Der unglueckliche Moerder - Roman - Ausgezeichnet mit dem Skandinavischen Krimipreis
Können wir nicht über etwas anderes reden als über Frauen?«
Rooth setzte eine erstaunte Miene auf.
»Was zum Henker sollte das denn sein?«
Jung zuckte mit den Schultern.
»Keine Ahnung.

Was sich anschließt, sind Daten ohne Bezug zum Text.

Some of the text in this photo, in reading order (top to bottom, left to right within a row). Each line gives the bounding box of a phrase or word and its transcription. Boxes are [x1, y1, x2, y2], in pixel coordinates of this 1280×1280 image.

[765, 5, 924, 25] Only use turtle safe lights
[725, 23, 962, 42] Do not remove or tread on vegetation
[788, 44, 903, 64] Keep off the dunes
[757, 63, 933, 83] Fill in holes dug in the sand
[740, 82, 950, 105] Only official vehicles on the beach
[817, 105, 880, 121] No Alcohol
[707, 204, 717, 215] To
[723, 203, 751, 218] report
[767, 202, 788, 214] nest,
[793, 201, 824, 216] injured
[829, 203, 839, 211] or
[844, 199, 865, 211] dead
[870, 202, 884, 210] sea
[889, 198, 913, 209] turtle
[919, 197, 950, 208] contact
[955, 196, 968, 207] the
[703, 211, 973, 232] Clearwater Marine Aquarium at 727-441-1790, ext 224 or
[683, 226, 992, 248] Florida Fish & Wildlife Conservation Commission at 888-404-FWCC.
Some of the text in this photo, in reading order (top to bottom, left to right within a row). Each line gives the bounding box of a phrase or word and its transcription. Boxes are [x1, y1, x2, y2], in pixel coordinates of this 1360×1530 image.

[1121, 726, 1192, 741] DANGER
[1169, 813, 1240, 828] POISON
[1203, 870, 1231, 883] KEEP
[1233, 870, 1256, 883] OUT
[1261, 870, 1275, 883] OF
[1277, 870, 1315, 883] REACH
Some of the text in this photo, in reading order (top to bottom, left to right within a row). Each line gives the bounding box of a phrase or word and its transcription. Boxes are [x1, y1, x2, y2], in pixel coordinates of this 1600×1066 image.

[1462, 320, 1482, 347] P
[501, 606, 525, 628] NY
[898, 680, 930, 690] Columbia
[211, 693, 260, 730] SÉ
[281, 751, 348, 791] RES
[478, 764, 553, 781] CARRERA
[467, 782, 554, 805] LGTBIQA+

Der Job vielleicht?«
»Dann lieber Frauenzimmer«, sagte Rooth und seufzte. »Aber wo du schon so nett bittest ...«
»Wir könnten auch die Klappe halten«, regte Jung an. »Das wäre vielleicht die beste Alternative.«
Rooth schwieg dann wirklich eine ganze Weile, wühlte in der Erdnuss-Schale und kaute nachdenklich.
»Ich habe eine Hypothese«, sagte er dann.
»Eine Hypothese«, fragte Jung. »Keine Theorie?«
»Ich weiß einfach den Unterschied nicht so genau«, gestand Rooth. »Scheißegal, hör zu ...«
»Ich bin ganz Ohr.«
»Gut«, sagte Rooth. »Aber unterbrich mich nicht dauernd. Also, diese Vera Miller ... wenn die sich nun mit einem anderen Kerl eingelassen hat, dann wäre es doch gar nicht so schlecht, wenn wir den finden könnten.«
»Genial«, sagte Jung. »Woher nimmst du bloß diese Weisheit?«
»Ich bin noch nicht fertig. Das Finden wäre zweifellos leichter, wenn wir wüssten, wo wir zu suchen haben.«
Jung gähnte.
»Und hier erwächst meine Hypothese zu voller Blüte«, sagte Rooth. »Wir haben es natürlich mit einem Arzt zu tun.«
»Mit einem Arzt? Und warum, zum Teufel?«
»Klar wie ein Sommertag. Sie hat in einem Krankenhaus gearbeitet. Alle Schwestern vergaffen sich früher oder später in einen Weißkittel mit Gebammel auf der Brust. Das Stethoskopsyndrom. . . das trifft alle Frauen in der Branche. Also müssen wir uns auf die Suche nach Dr. X machen, ganz einfach. Im Gemeinde. Man hätte ja vielleicht doch Medizin studieren sollen. . .«
Jung schaffte es, sich die letzten Erdnüsse zu krallen.
»Wie viele gibt es? Ärzte im Gemeinde, meine ich.«
»Keine Ahnung«, sagte Rooth. »Bestimmt zweihundert.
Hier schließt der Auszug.